Note You need to log in before you can comment on or make changes to this bug.
Description ismaelgomezs 2017-01-05 16:32:45 UTC
Created attachment 34596 [details]
File which the code fails

I'm extracting the text from a WordExtractor class (apache POI), but I have an error for some .doc files.
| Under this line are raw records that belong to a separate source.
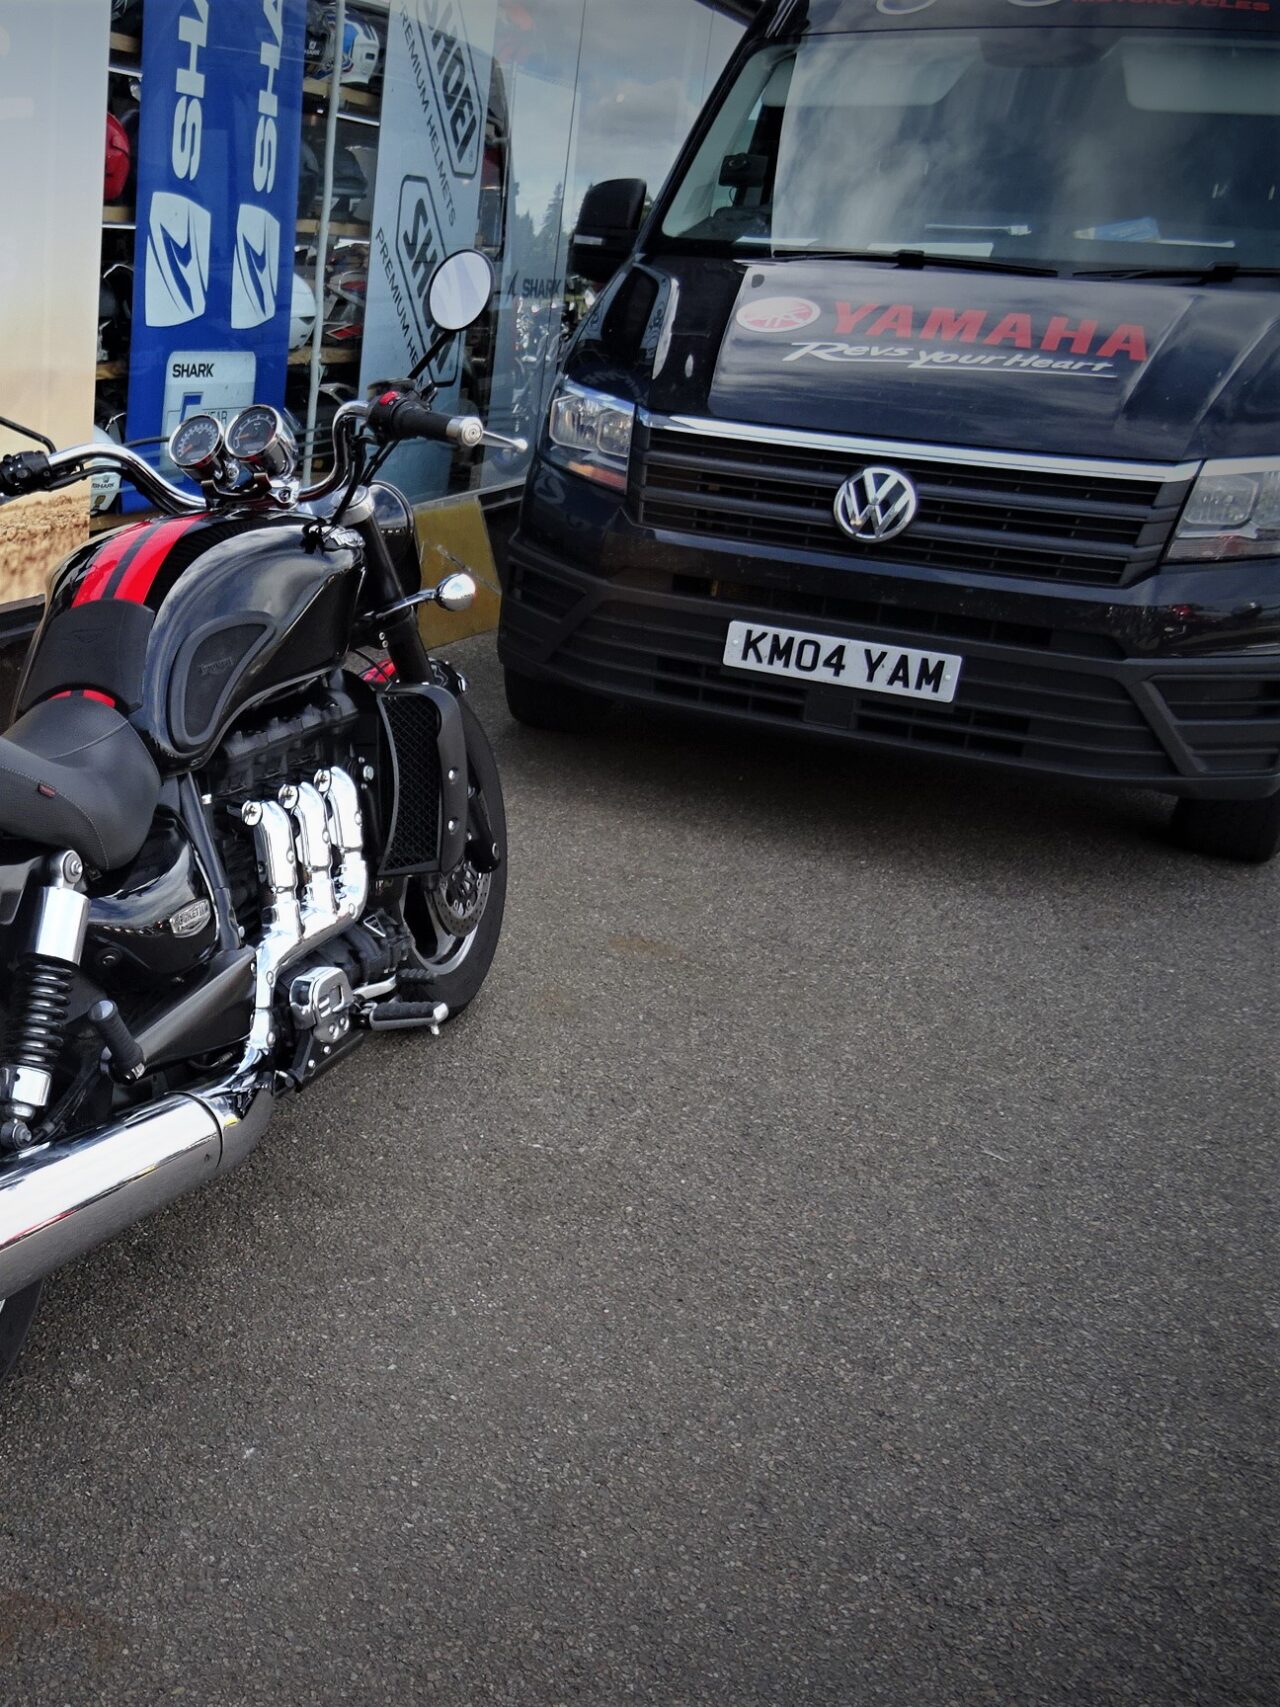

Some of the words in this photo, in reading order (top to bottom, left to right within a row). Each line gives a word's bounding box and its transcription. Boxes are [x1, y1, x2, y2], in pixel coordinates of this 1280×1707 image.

[400, 1, 430, 113] REMIUM
[427, 114, 457, 227] HELMETS
[376, 227, 410, 338] PREMIUM
[522, 278, 561, 298] SHARK
[782, 341, 914, 363] Revs
[908, 351, 1007, 369] your
[1003, 353, 1114, 372] Heart
[834, 301, 1148, 362] YAMAHA
[172, 363, 215, 378] SHARK
[740, 629, 846, 677] KM04
[864, 648, 946, 693] YAM
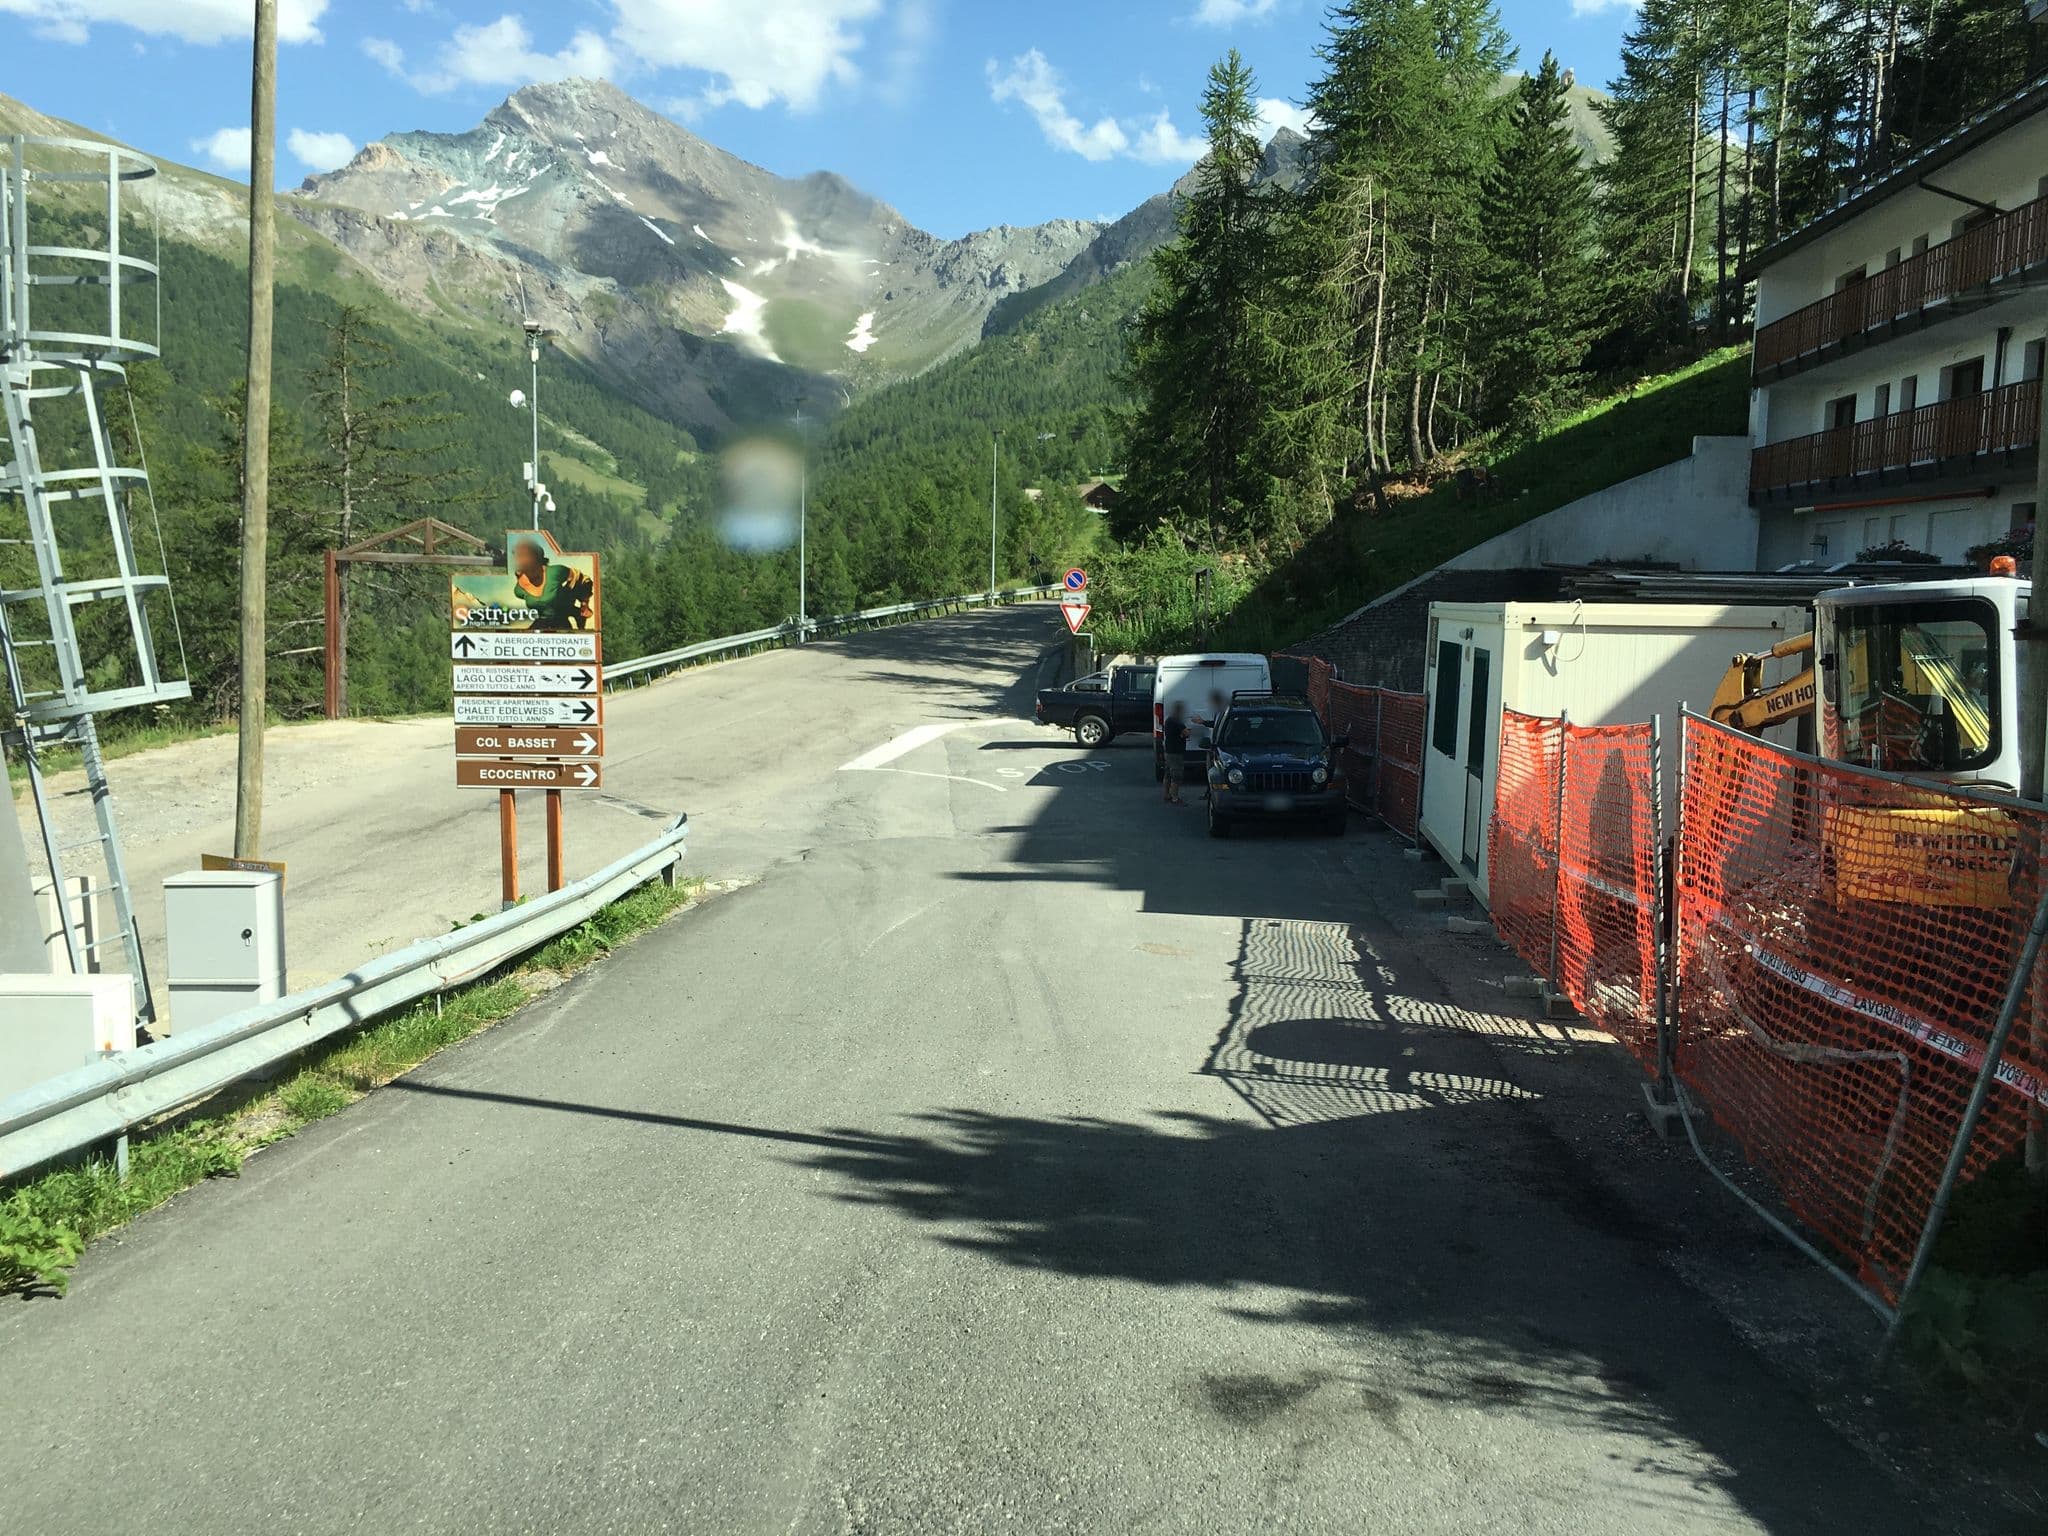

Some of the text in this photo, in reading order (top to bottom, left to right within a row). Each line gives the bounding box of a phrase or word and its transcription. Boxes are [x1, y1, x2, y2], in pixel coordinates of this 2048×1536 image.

[455, 606, 539, 626] Sestriere
[494, 637, 590, 645] ALBERGO-RISTORANTE
[494, 646, 519, 657] DEL
[522, 646, 576, 657] CENTRO
[456, 674, 535, 683] LAGO LOSETTA
[1766, 683, 1816, 714] NEW HO
[457, 706, 555, 716] CHALET EDELWEISS
[476, 737, 557, 748] COL BASSET
[479, 769, 556, 780] ECOCENTRO
[995, 760, 1112, 779] STOP
Here the code:

"
import org.apache.poi.xwpf.extractor.XWPFWordExtractor;
import org.apache.poi.xwpf.usermodel.XWPFDocument;
import org.apache.poi.hwpf.HWPFDocument;
import org.apache.poi.hwpf.extractor.WordExtractor;
import org.apache.poi.poifs.filesystem.OfficeXmlFileException;

public class [class name] 
{ 
	public static void main(String... args) throws FileNotFoundException, IOException, NullPointerException, OfficeXmlFileException {
	   
		File[] files = new File("[input path]").listFiles();    
		showFiles(files);
	}
	
	public static void showFiles(File[] files) throws FileNotFoundException, IOException, NullPointerException, OfficeXmlFileException {
		
		File log = new File("[output name]/out.tsv");
		
	    for (File file : files) {
	       	if (file.isDirectory()) {
	           	//System.out.println("Directory/" + file.getName());
	           	showFiles(file.listFiles()); // Calls same method again.
	        } else {
	        	    String N = file.getName();  
	        	    
	        	    // caso .docx
	        		if (N.toLowerCase().endsWith(".docx") && !N.toLowerCase().startsWith("~"))
	        		{	
	        			System.out.println(file.getAbsolutePath());
	        			XWPFDocument docx = new XWPFDocument(new FileInputStream(file));
	        			XWPFWordExtractor we = new XWPFWordExtractor(docx);
        				String T = we.getText().replaceAll("\\n", " ").replaceAll("\\r", " ");
        				
            			// PARA ESCRIBIR EL ARCHIVO
            			try{
//            				if(!log.exists()){
//            					System.out.println("We had to make a new file.");
//            					log.createNewFile();
//            				}

            				FileWriter fileWriter = new FileWriter(log, true);
            				BufferedWriter bufferedWriter = new BufferedWriter(fileWriter);
            				bufferedWriter.write(file.getAbsolutePath()+"\t"+T+"\n");
            				bufferedWriter.close();

            			} catch (IOException e) {
            	            System.err.println("Problem writing .DOCX to the file out.txt " + e.getMessage());
            	        }
	        		} 
	        		else {
	        		
	        			if (N.toLowerCase().endsWith(".doc") && !N.toLowerCase().startsWith("~"))
	        			{
	        				System.out.println(file.getAbsolutePath());
	        			
	        				HWPFDocument doc = new HWPFDocument(new FileInputStream(file));
	        				WordExtractor we = new WordExtractor(doc);
		        			//WordExtractor we = new WordExtractor(new FileInputStream(file));
	        				String T = we.getText().replaceAll("\\n", " ").replaceAll("\\r", " ");
        				
	        				// PARA ESCRIBIR EL ARCHIVO
	        				try{
//	        					if(!log.exists()){
//	        						log.createNewFile();
//	        					}
	        					
	        					FileWriter fileWriter = new FileWriter(log, true);
	        					BufferedWriter bufferedWriter = new BufferedWriter(fileWriter);
	        					bufferedWriter.write(file.getAbsolutePath()+"\t"+T+"\n");
	        					bufferedWriter.close();

	        				} catch (IOException e) {
	        					System.err.println("Problem writing .DOC to the file out.txt " + e.getMessage());
	        					}
	        			}
	        		}	
	       		}
	    	}
	}
}
"

For most .docx and .doc files it's work fine.

The error message is:

Exception in thread "main" java.lang.RuntimeException: 
java.lang.IllegalArgumentException: The end (4958) must not be before the start (4990)

How can I fix it?
Comment 1 ps26oct 2017-01-20 14:39:00 UTC
The problem seems to be with the document and not the code and specifically with the hidden bookmark with the name: "_Toc263095067". Apparently poi is inferring the end of the bookmark to be located before the start. Deleting that particular hidden bookmark makes everything work fine. 

Let me know of any other corrective measures or any actual problem in the poi code this highlights, if any.
Comment 2 ismaelgomezs 2017-01-31 15:29:54 UTC
Thank you very much. That was the problem. Now it works fine!
Regards.
Comment 3 Dominik Stadler 2017-01-31 16:27:12 UTC
Seems to have been caused by a slightly broken document.